In churches where we say the Apostles Creed on Sundays,

we say that Jesus was, "Born of the Virgin Mary,

suffered under Pontius Pilate, was crucified, and died."



Some have noted that it is curious that this is all we

say about the life of Jesus. Not remembering, in our

creed, any of his teachings, the numerous episodes from

his life and work, all we say of Jesus was that he was

"born, suffered, and died." That's not much to remember

from so rich a life.



Or is it? For if Jesus was not only of God, with God,

but was also God, to say that he "suffered under Pontius

Pilate, was crucified, died and buried" is to say a

great deal. As the theologian, Dietrich Bonhoeffer tells

us, "It is no small matter that God allowed himself to

be pushed out of the world on a cross." No small matter.



We began this service by the waving of palm branches and

the shouting of "Hosanna!" This is Palm Sunday when

Jesus and his disciples were triumphantly received into

Jerusalem. If that was all that we remembered about

Jesus on this day, then Jesus would be remembered as

little more than a once triumphantly received hero who

marched into Jerusalem, causing the Roman overlords to

get nervous.



But today is also Passion Sunday. Before this service

ends, we will lay aside our palm branches and move

toward the passion of Christ, his suffering, his

crucifixion, his death and burial. And this is much to

remember.



Scott Peck begins his popular book, The Road Less

Traveled, with a quote from the Buddha. "Life is

suffering."



Who doesn't know this?



"In the Buddhist scriptures, there is a parable about a

woman whose child died. In her disbelief and anguish,

she accosted a local guru, begging him to intercede and

return her child to life. He agrees, 'All you have to

do,' he says to the distraught woman, 'is bring me a

grain of rice from a household that has escaped the

curse of grief.' With great hope, she goes through her

village, door by door, and through the neighboring

village, only to hear story upon story of suffering and

loss. Finally she returns to the guru, no less in pain,

but far wiser, more compassionate, and willing to accept

her human lot." ( Church, p. 33). Life is suffering.

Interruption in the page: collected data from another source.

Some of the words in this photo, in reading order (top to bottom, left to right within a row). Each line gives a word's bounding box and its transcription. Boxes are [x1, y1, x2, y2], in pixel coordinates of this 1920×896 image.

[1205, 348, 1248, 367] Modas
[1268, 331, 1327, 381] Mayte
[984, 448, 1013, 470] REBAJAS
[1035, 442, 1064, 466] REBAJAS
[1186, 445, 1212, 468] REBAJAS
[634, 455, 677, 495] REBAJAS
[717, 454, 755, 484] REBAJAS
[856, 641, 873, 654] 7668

Siddhartha Gautama, who would eventually become the

Buddha, was born to a royal family. His father sought to

raise the boy to be a great king. He shielded young

Siddhartha from any contact with life's tragic side--old

age, sickness, and death. Thus, the young prince

Siddhartha grew in total ignorance of the world's

sadness. The father built three palaces for his son, one

for each season of the year. He stocked each palace with

all sorts of earthly delights, forbidding the young

prince from traveling outside this safe hermetically,

sealed perfect world. Whenever he ventured out, the

route was carefully prepared so that there would be no

chance that the young prince would come in contact with

old age, sickness, or death.



Despite the father's best efforts to protect his son,

one day when Siddhartha and his driver were riding in

their guilded chariot through the countryside, his eye

caught sight of a strange vision--a crooked old man with

a gnarled face, hobbling with a cane in his hand.



"Who is this?" Siddhartha asked his driver.

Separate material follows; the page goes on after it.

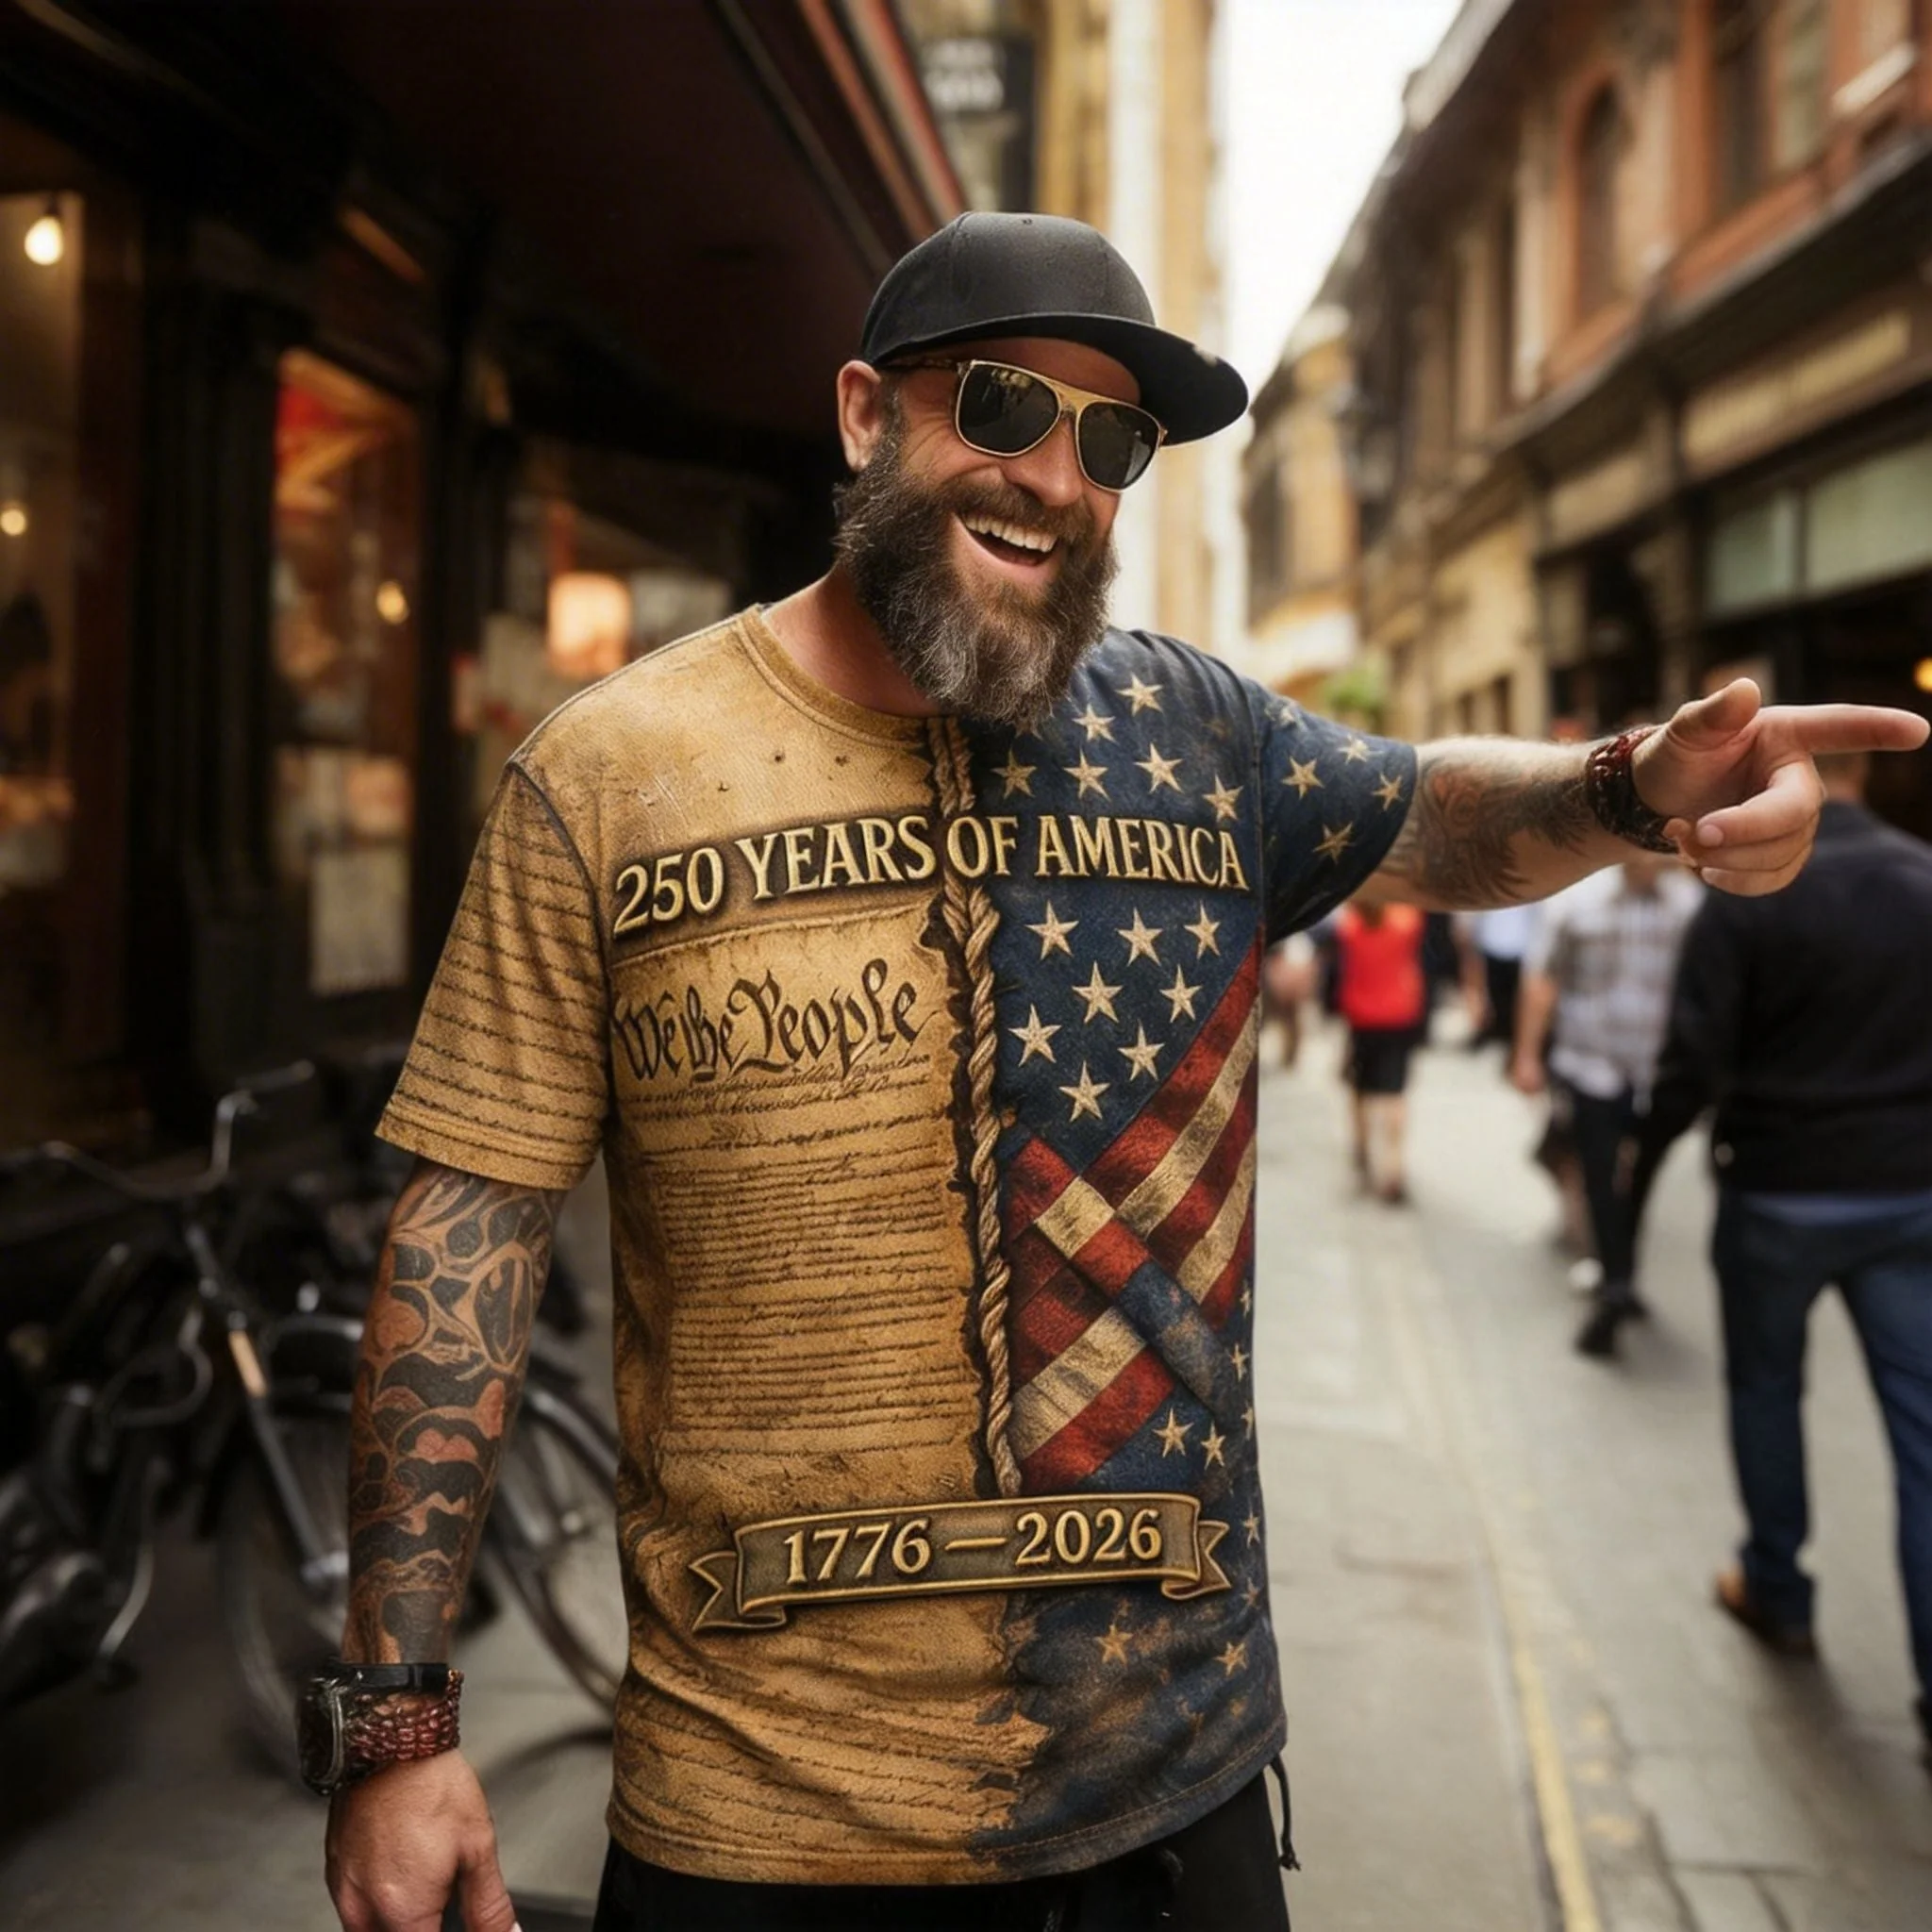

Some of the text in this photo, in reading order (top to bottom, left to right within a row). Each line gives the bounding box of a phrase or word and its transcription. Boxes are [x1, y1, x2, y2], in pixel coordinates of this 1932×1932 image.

[613, 814, 1250, 934] 250 YEARS OF AMERICA
[609, 991, 684, 1081] We
[727, 958, 934, 1080] People

His driver first hesitated and then replied, "Once he

was a youth, now his strength and beauty are gone and he

is withered away. This is the way of all flesh."

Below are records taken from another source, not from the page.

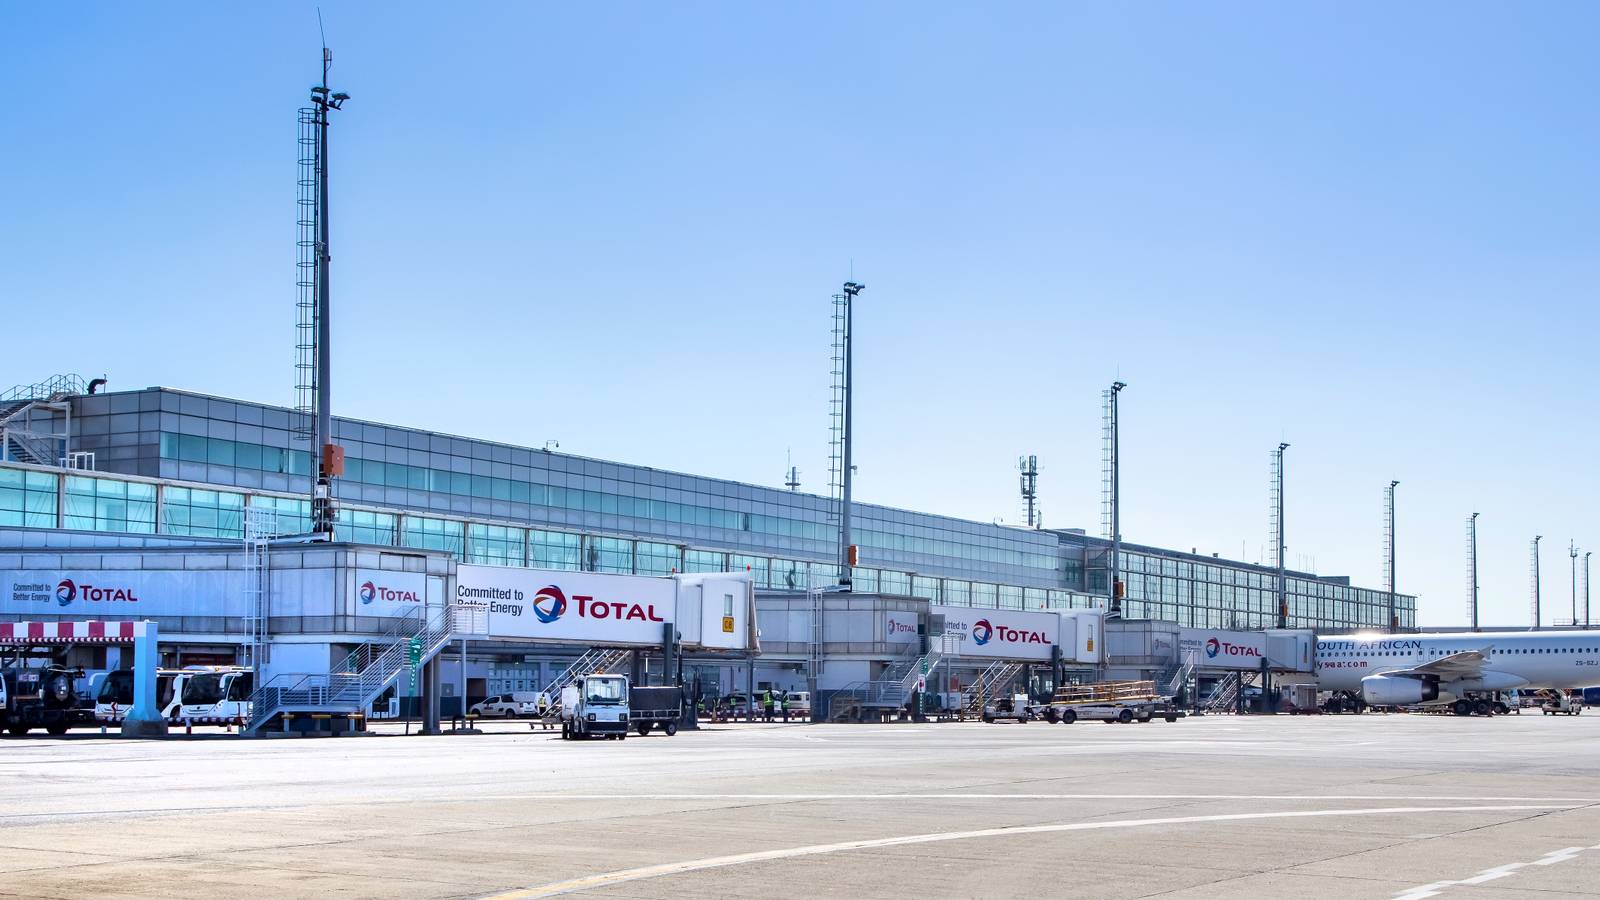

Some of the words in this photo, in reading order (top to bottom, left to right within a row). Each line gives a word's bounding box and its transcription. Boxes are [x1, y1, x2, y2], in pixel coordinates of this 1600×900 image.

[13, 584, 44, 592] Committed
[45, 584, 51, 592] to
[79, 585, 138, 602] TOTAL
[377, 587, 420, 602] TOTAL
[457, 585, 511, 600] Committed
[514, 589, 524, 601] to
[13, 592, 30, 601] Better
[31, 592, 51, 603] Energy
[490, 601, 523, 617] Energy
[572, 595, 664, 622] TOTAL
[895, 622, 916, 633] TOTAL
[961, 621, 968, 630] to
[996, 625, 1052, 644] TOTAL
[1221, 642, 1262, 657] TOTAL
[1316, 641, 1354, 651] OUTH
[1359, 640, 1422, 650] AFRICAN
[1314, 660, 1368, 670] lysaa.com
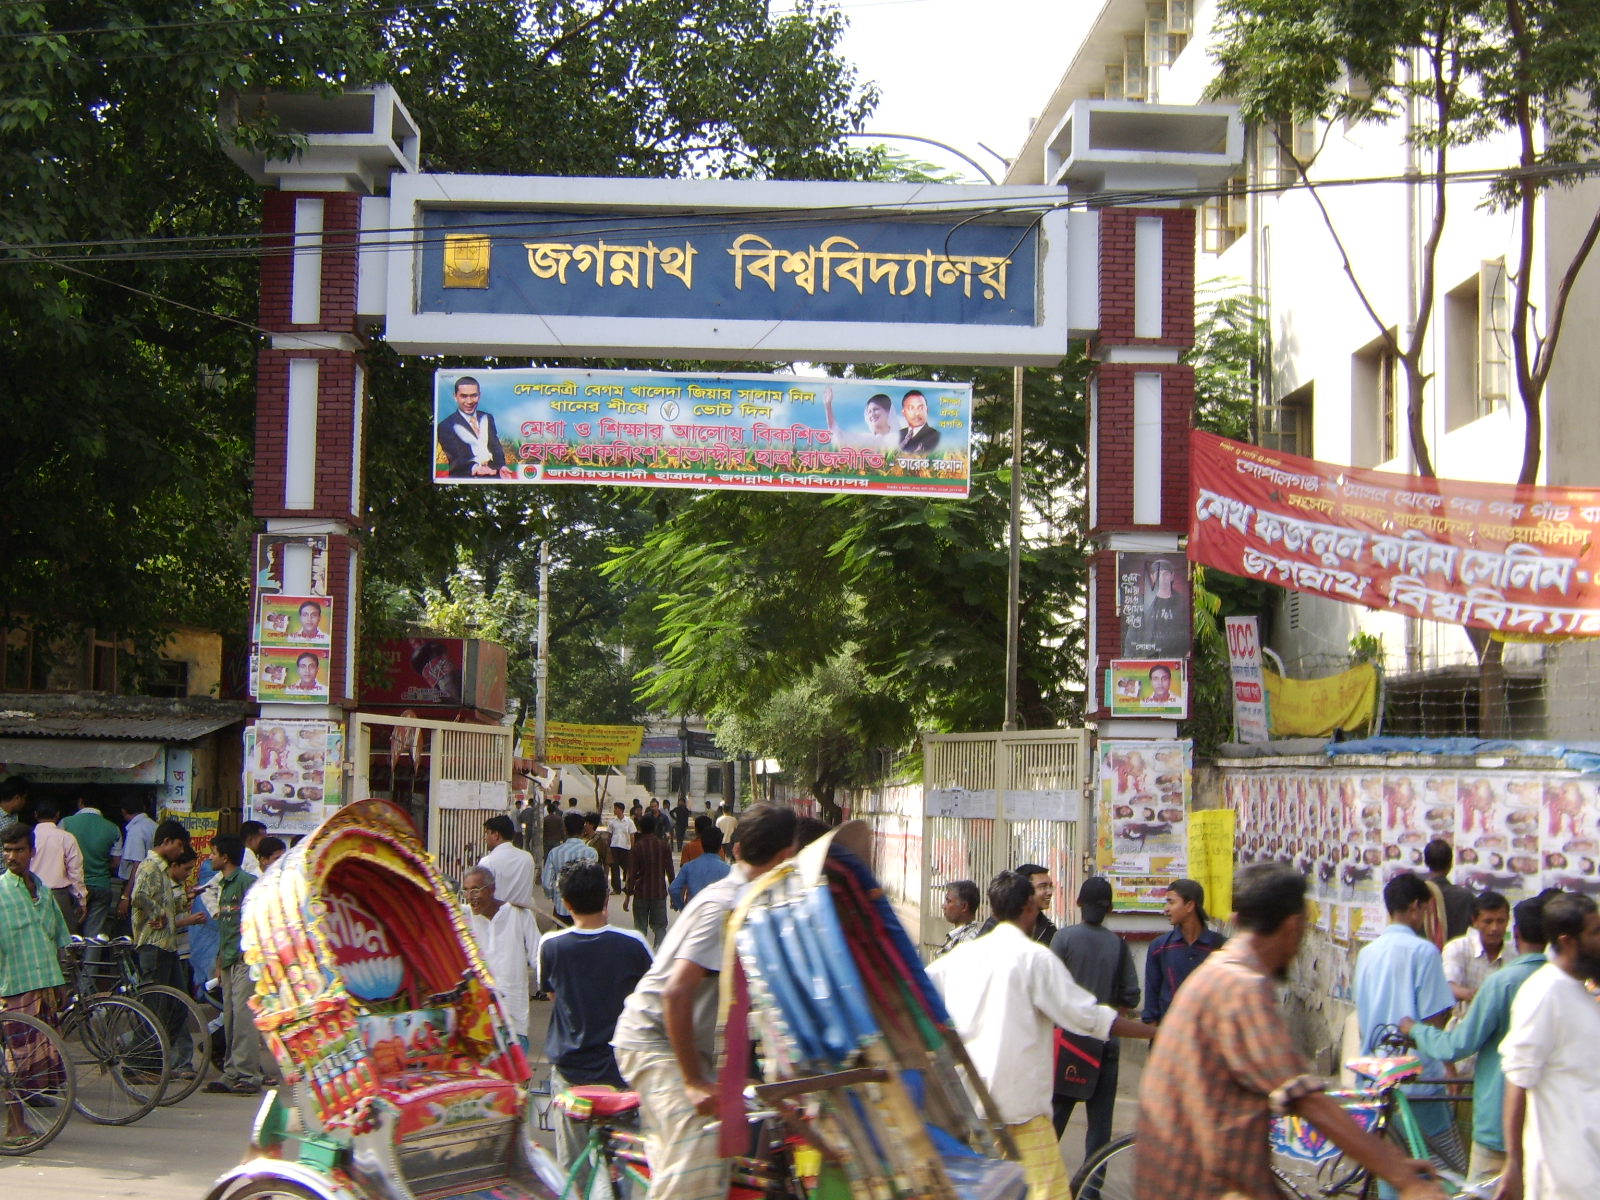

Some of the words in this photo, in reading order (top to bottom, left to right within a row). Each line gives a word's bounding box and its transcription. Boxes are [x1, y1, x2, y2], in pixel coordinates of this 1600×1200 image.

[522, 240, 698, 290] জগন্নাথ
[726, 233, 1012, 300] বিশ্ববিদ্যালয়
[513, 381, 579, 396] দেশনেত্রী
[584, 385, 624, 398] বেগম
[630, 386, 682, 399] খালেদা
[687, 384, 732, 400] জিয়ার
[738, 388, 783, 403] সালাম
[788, 387, 816, 404] নিন
[550, 400, 599, 413] ধানের
[607, 398, 648, 414] শীষে
[692, 403, 734, 417] ভোট
[740, 403, 773, 420] দিন
[520, 420, 566, 438] মেধা
[574, 422, 591, 437] ও
[598, 417, 664, 441] শিক্ষার
[671, 423, 745, 443] আলোয়
[751, 422, 833, 446] বিকশিত
[519, 442, 568, 461] হোক
[576, 441, 659, 463] একবিংশ
[667, 442, 746, 466] শতাব্দীর
[753, 449, 793, 468] ছাত্র
[798, 447, 885, 470] রাজনীতি
[897, 458, 930, 471] তারেক
[932, 459, 964, 473] রহমান
[546, 466, 649, 480] জাতীয়তাবাদী
[719, 472, 773, 484] জগন্নাথ
[779, 473, 870, 488] বিশ্ববিদ্যালয়
[1450, 496, 1482, 516] পর
[1488, 501, 1525, 520] পর
[1531, 500, 1573, 522] পাঁচ
[1196, 488, 1256, 536] শেখ
[1254, 508, 1370, 568] ফজলুল
[1371, 529, 1459, 584] করিম
[1460, 542, 1578, 596] সেলিম
[1243, 547, 1372, 599] জগন্নাথ
[1227, 623, 1256, 658] UCC

The very next day they encountered a dying man on their

route. When Siddhartha asked what this meant, the driver

replied that this is the way most of us end our lives,

in sickness.



At last, despite the father's precautions, Siddhartha

and his driver one day encountered a funeral procession.

The mourners were in great anguish. When asked what this

meant, the driver replied, "All who are born, die. There

is no escape."



This confrontation with old age, sickness and death

became Siddhartha's awakening. Having come face- to-face

with the tragic side of life. He found his life, despite

his father's earnest efforts, hollow, empty. Thus he

began his pilgrimage. The Buddha's pilgrimage led him

toward a way of life which would leave him invulnerable

to life's pain. For the Buddha, this was the point of

life, to reach that state where one no longer feels, or

grieves, or weeps. One becomes detached, distant, free

from life's pain. Though pain is unavoidable, one can

come to the point where one simply cares so little, one

feels nothing, taught the Buddah.



Forrest Church notes that possibly the closest thing to

Buddhist detachment that we have in Western philosophy

is Stoicism. Stoicism was popular around the time of

Jesus. Taking the death of Socrates as their model, the

Stoics attempted to live their lives heroically,

serenely detached from pain. The way to do this is to

keep life in its place, not become too heavily involved,

not to care, said the stoics.



"We must get rid of this craving for life," wrote the

Roman philosopher Seneca, "and learn that it makes no

difference when your suffering comes, because at

sometime you are bound to suffer." The Stoics elevated

apathy as the supreme human virtue, detachment as an

antidote to desire and inevitable disappointment.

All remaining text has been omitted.